Venerdì 8 giugno alle 8.00 su Raisport 1 sarà il contenitore "Mattina Sport Europei", condotto da Mario Mattioli con in studio Marino Bartoletti, ad aprire la lunga diretta Rai dedicata agli Europei. Collegamenti con Casa Azzurri e tanti spazi dedicati al torneo per entrare subito nel vivo della prima giornata di Euro 2012.
Alle 14.00 su Rai2 e Raisport 1, spazio alla rubrica "Dribbling Europei" condotta da Paolo Paganini con la presenza in studio di Italo Cucci per approfodire i principali temi di giornata e scoprire le ultime notizie dal ritiro della Nazionale.
Alle 17.15 su Rai1 e Raisport 1, Paola Ferrari e Franco Lauro condurranno la rubrica "Stadio Europa" con la presenza in studio di Gianpiero Gasperini, Emiliano Mondonico, Ivan Zazzaroni e Enrico Varriale per conoscere tutte le ultime sulla sfida di apertura di Euro 2012.
Dalle 18.00 su Rai1, Raisport 1 e RaiHD diretta di Polonia-Grecia con telecronaca di Gianni Cerqueti e commento di Fulvio Collovati. Al termine della sfida ampio posta gara su Rai3 dalle 20.00 per ascoltare le voci dei protagonisti sul campo con le pagelle di Stefano Mettei.
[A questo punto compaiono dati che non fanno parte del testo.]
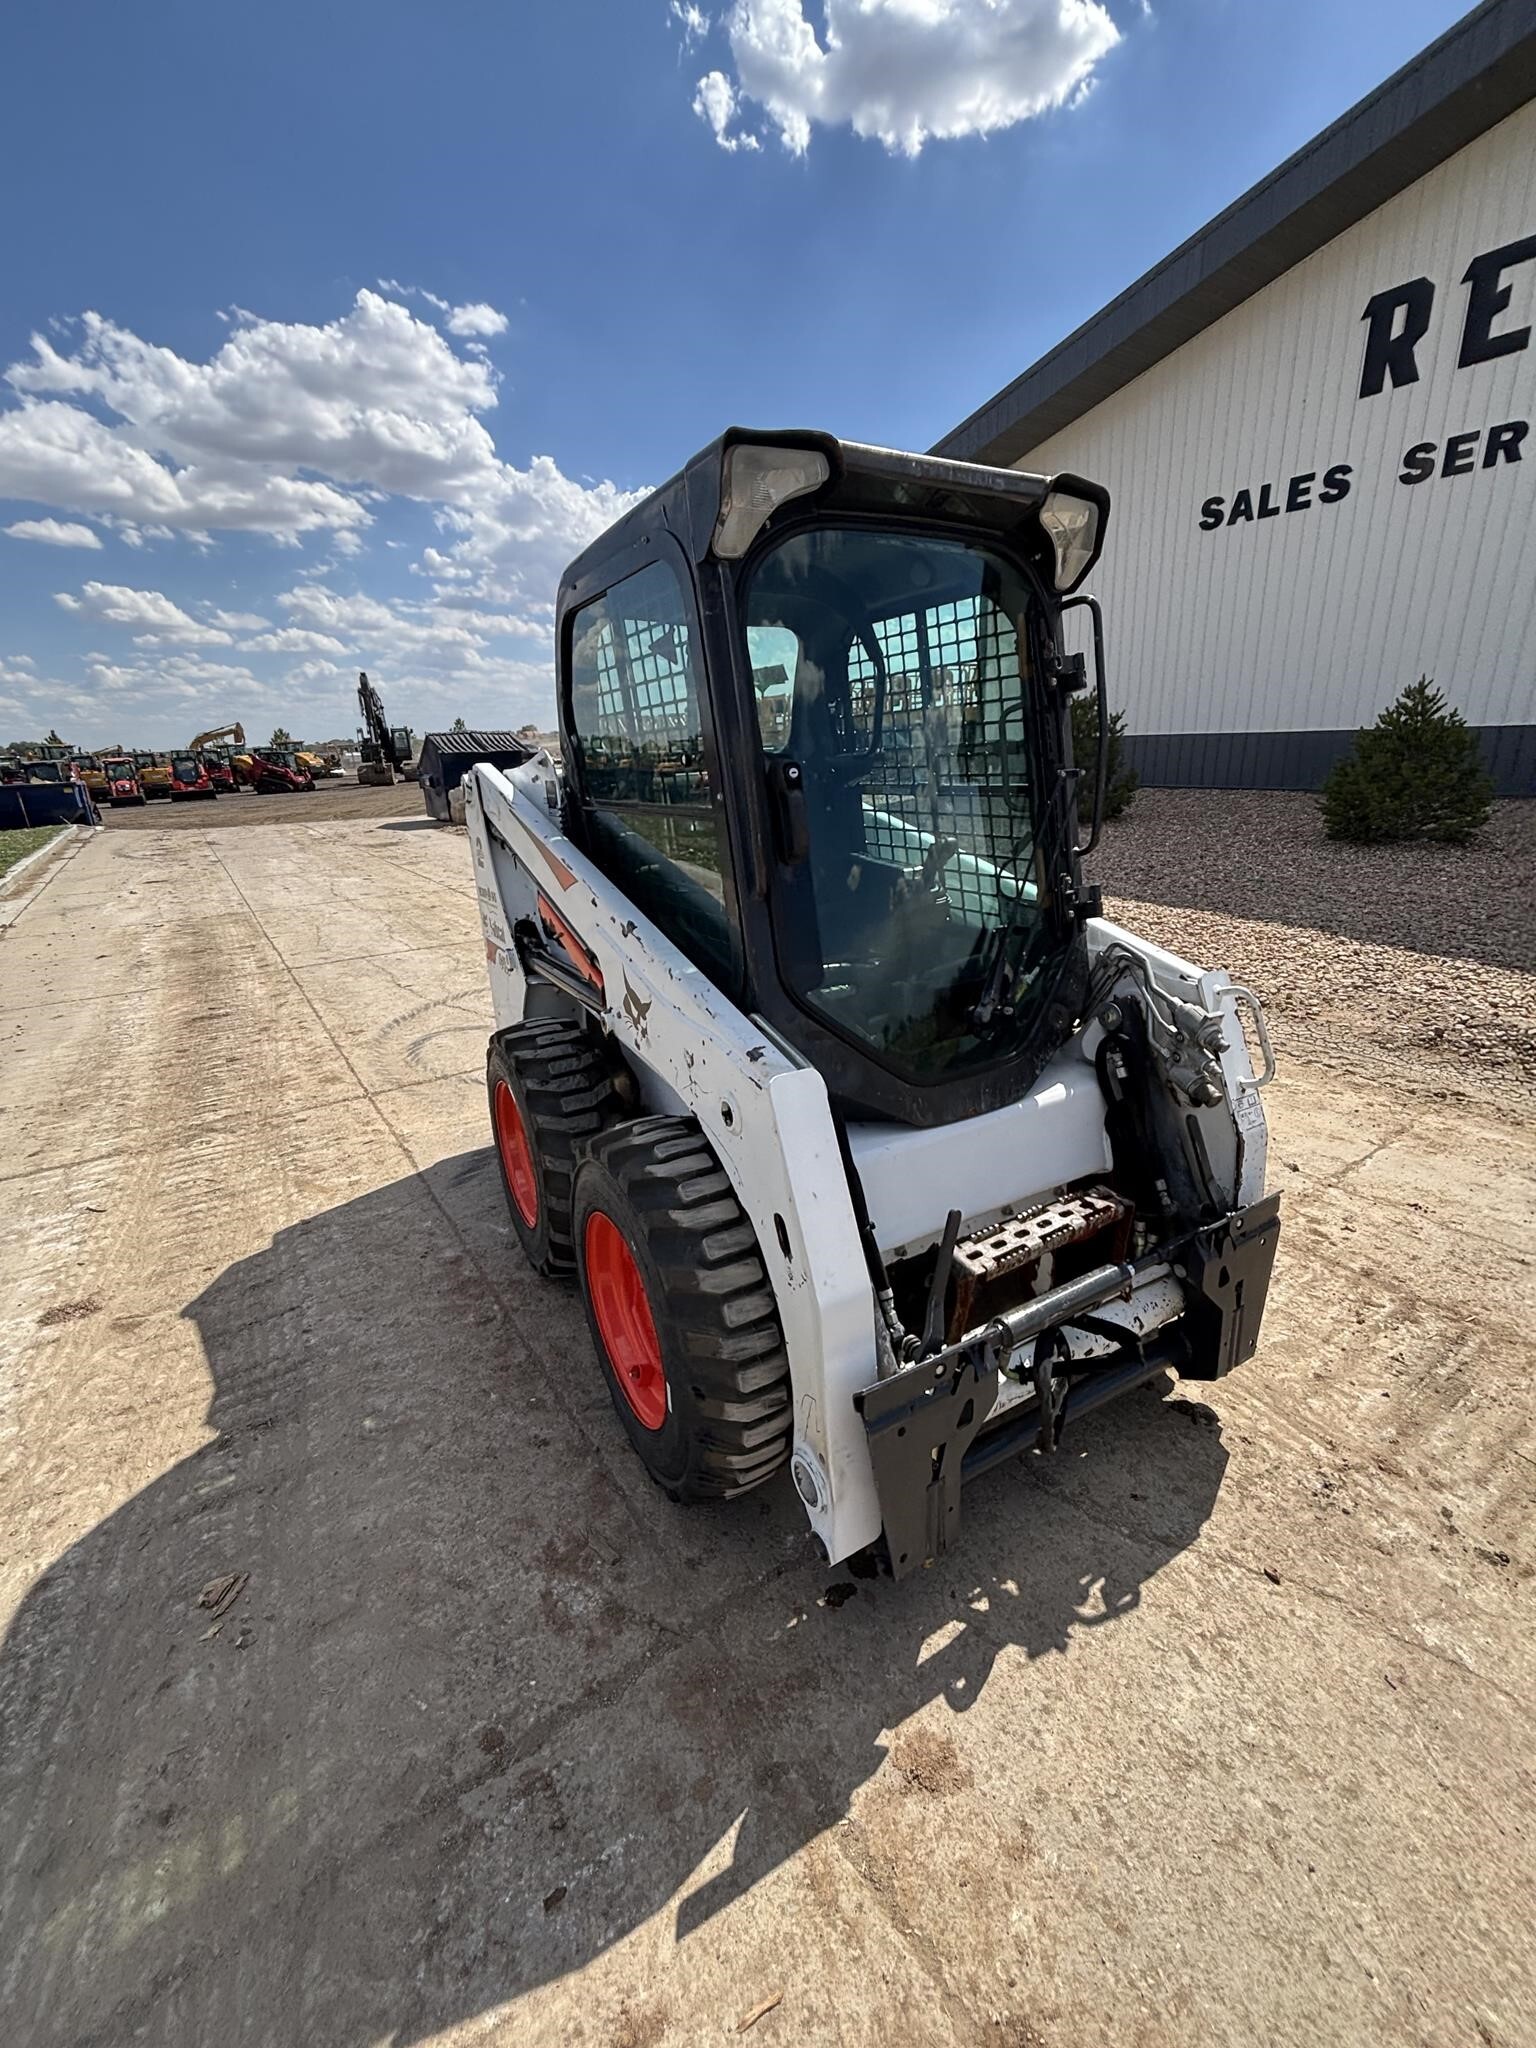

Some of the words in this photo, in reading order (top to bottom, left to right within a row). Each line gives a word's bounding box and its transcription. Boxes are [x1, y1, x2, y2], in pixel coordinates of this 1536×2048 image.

Alle 20.30 su Ra1, Raisport 1 e RaiHD, Marco Lollobrigida e Ubaldo Righetti saranno impegnati nella telecronaca del match tra Russia e Repubblica Ceca. Al termine della gara dalle 23.00 su Rai1 e Raisport 1, Andrea Fusco e Simona Rolandi condurranno "Notti Europee" con la presenza in studio di Jacopo Volpi, Serse Cosmi e Gene Gnocchi.